"""

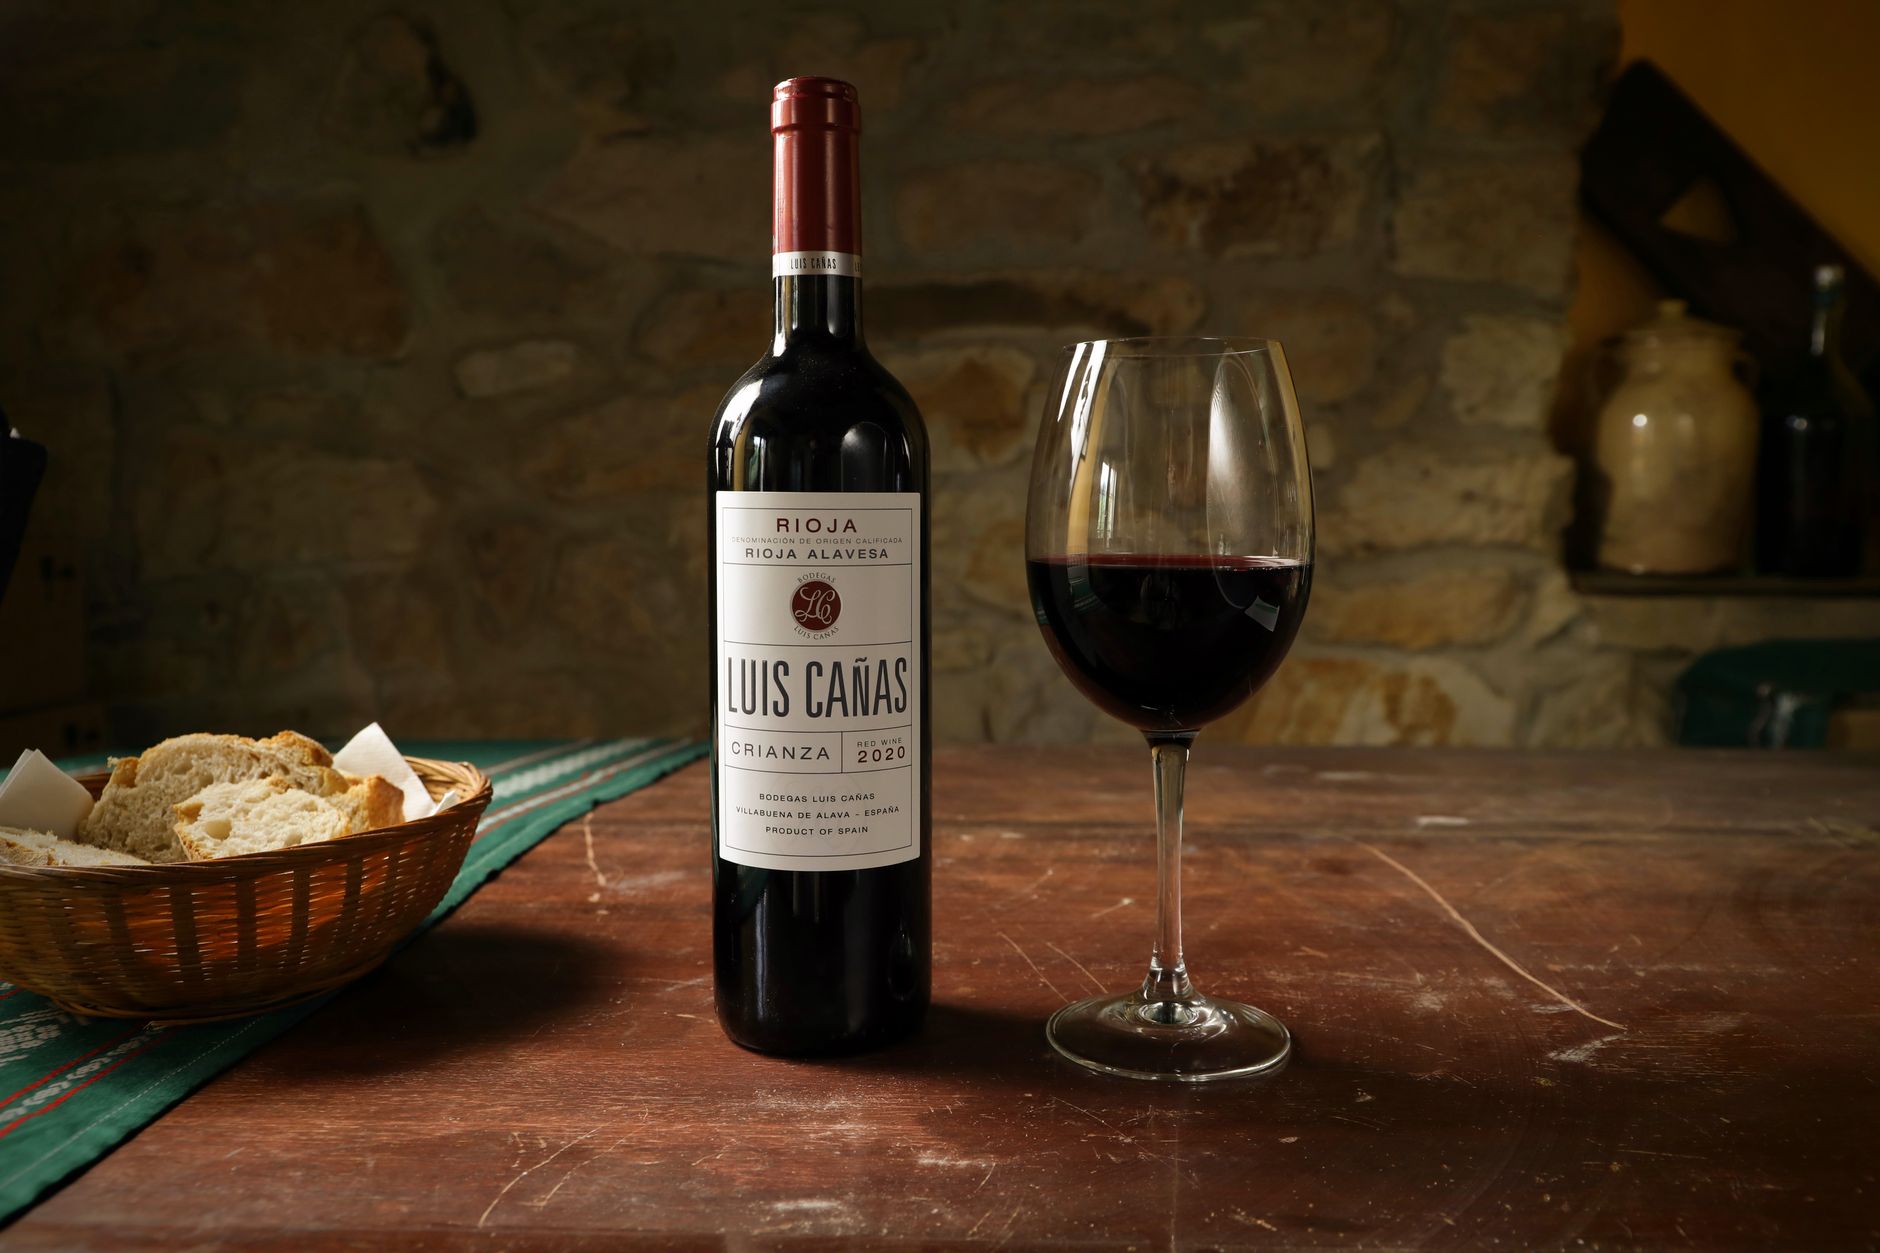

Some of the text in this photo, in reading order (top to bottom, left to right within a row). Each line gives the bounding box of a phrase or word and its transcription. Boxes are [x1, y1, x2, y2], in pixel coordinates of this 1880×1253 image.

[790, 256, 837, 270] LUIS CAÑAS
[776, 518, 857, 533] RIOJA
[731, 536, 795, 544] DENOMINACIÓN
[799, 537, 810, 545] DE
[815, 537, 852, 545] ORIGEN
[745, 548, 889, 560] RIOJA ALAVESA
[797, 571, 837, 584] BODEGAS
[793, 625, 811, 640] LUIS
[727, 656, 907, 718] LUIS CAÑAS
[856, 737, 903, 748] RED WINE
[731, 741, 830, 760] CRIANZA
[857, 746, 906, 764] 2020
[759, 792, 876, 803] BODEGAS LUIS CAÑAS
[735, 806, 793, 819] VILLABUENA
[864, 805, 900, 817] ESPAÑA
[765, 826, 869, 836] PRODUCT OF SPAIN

"""

Your reply must match the data above line for line, except that it holds no pictures.

▸ **COMPLETED TASK**:
Some of the text in this photo, in reading order (top to bottom, left to right within a row). Each line gives the bounding box of a phrase or word and its transcription. Boxes are [x1, y1, x2, y2], in pixel coordinates of this 1880×1253 image.

[790, 256, 837, 270] LUIS CAÑAS
[776, 518, 857, 533] RIOJA
[731, 536, 795, 544] DENOMINACIÓN
[799, 537, 810, 545] DE
[815, 537, 852, 545] ORIGEN
[745, 548, 889, 560] RIOJA ALAVESA
[797, 571, 837, 584] BODEGAS
[793, 625, 811, 640] LUIS
[727, 656, 907, 718] LUIS CAÑAS
[856, 737, 903, 748] RED WINE
[731, 741, 830, 760] CRIANZA
[857, 746, 906, 764] 2020
[759, 792, 876, 803] BODEGAS LUIS CAÑAS
[735, 806, 793, 819] VILLABUENA
[864, 805, 900, 817] ESPAÑA
[765, 826, 869, 836] PRODUCT OF SPAIN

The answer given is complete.